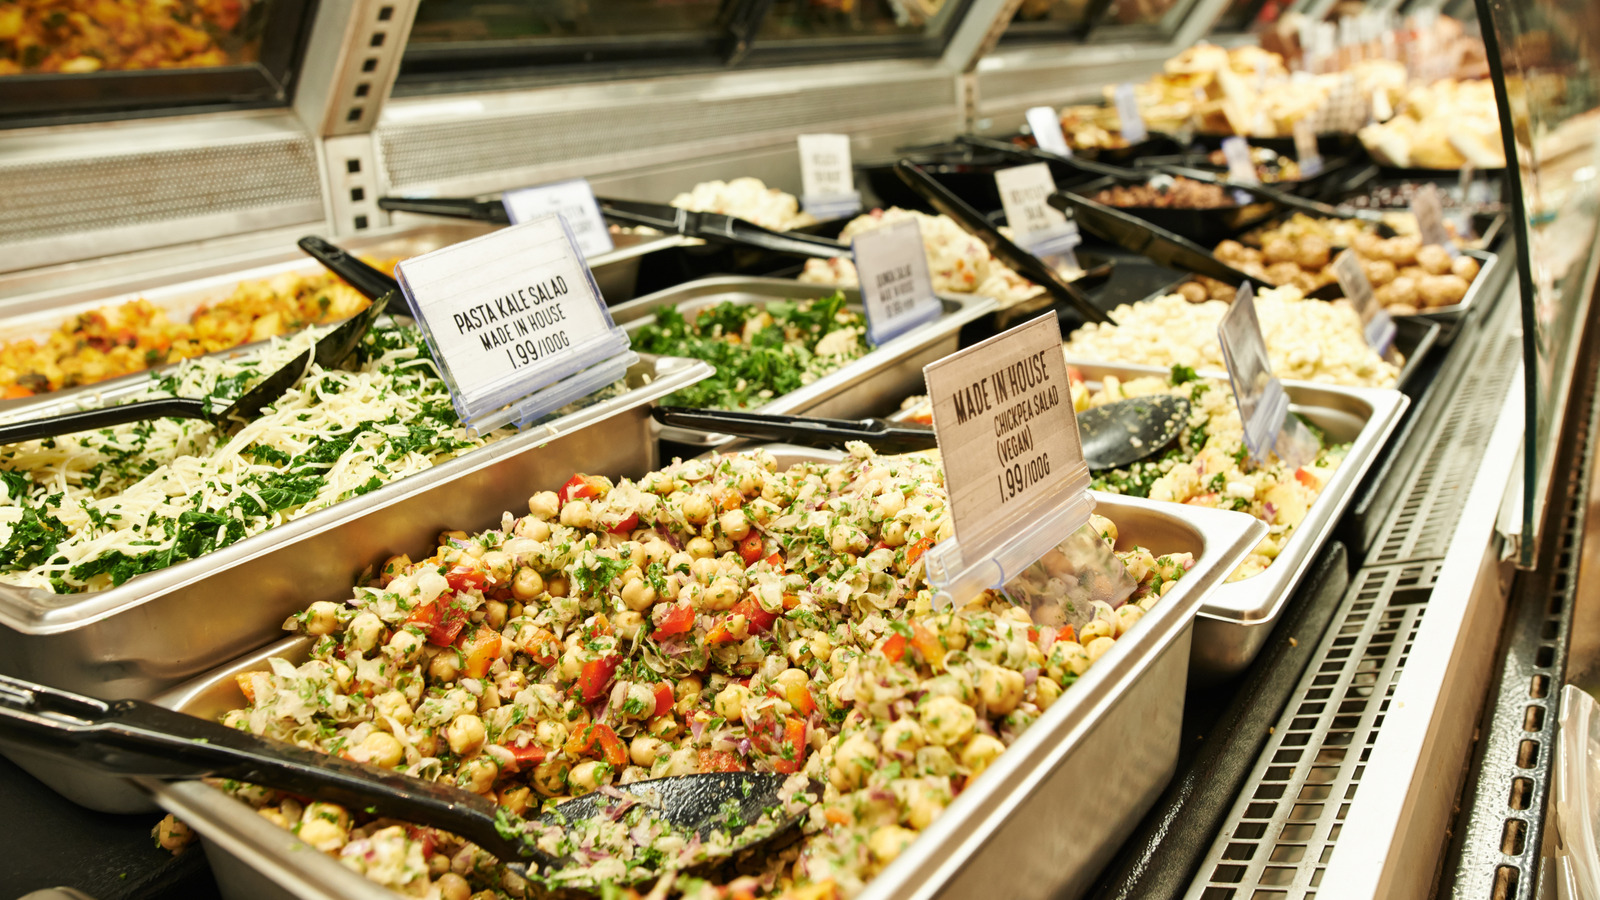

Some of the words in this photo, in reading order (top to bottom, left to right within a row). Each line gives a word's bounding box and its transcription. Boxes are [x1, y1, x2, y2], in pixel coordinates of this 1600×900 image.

[453, 303, 498, 335] PASTA
[495, 289, 531, 318] KALE
[528, 275, 569, 305] SALAD
[479, 324, 515, 352] MADE
[513, 319, 529, 341] IN
[527, 303, 566, 332] HOUSE
[505, 330, 570, 370] 1.99/100G
[953, 378, 992, 425] MADE
[992, 369, 1008, 405] IN
[1007, 350, 1049, 397] HOUSE
[993, 400, 1034, 438] CHICKPEA
[1034, 385, 1059, 416] SALAD
[996, 424, 1034, 468] (VEGAN)
[998, 452, 1050, 503] 1.99/100G
# # #
Required action: With the pictures removed, return the listing above in its exact original wording.

Solved problem:
Some of the words in this photo, in reading order (top to bottom, left to right within a row). Each line gives a word's bounding box and its transcription. Boxes are [x1, y1, x2, y2], in pixel coordinates of this 1600×900 image.

[453, 303, 498, 335] PASTA
[495, 289, 531, 318] KALE
[528, 275, 569, 305] SALAD
[479, 324, 515, 352] MADE
[513, 319, 529, 341] IN
[527, 303, 566, 332] HOUSE
[505, 330, 570, 370] 1.99/100G
[953, 378, 992, 425] MADE
[992, 369, 1008, 405] IN
[1007, 350, 1049, 397] HOUSE
[993, 400, 1034, 438] CHICKPEA
[1034, 385, 1059, 416] SALAD
[996, 424, 1034, 468] (VEGAN)
[998, 452, 1050, 503] 1.99/100G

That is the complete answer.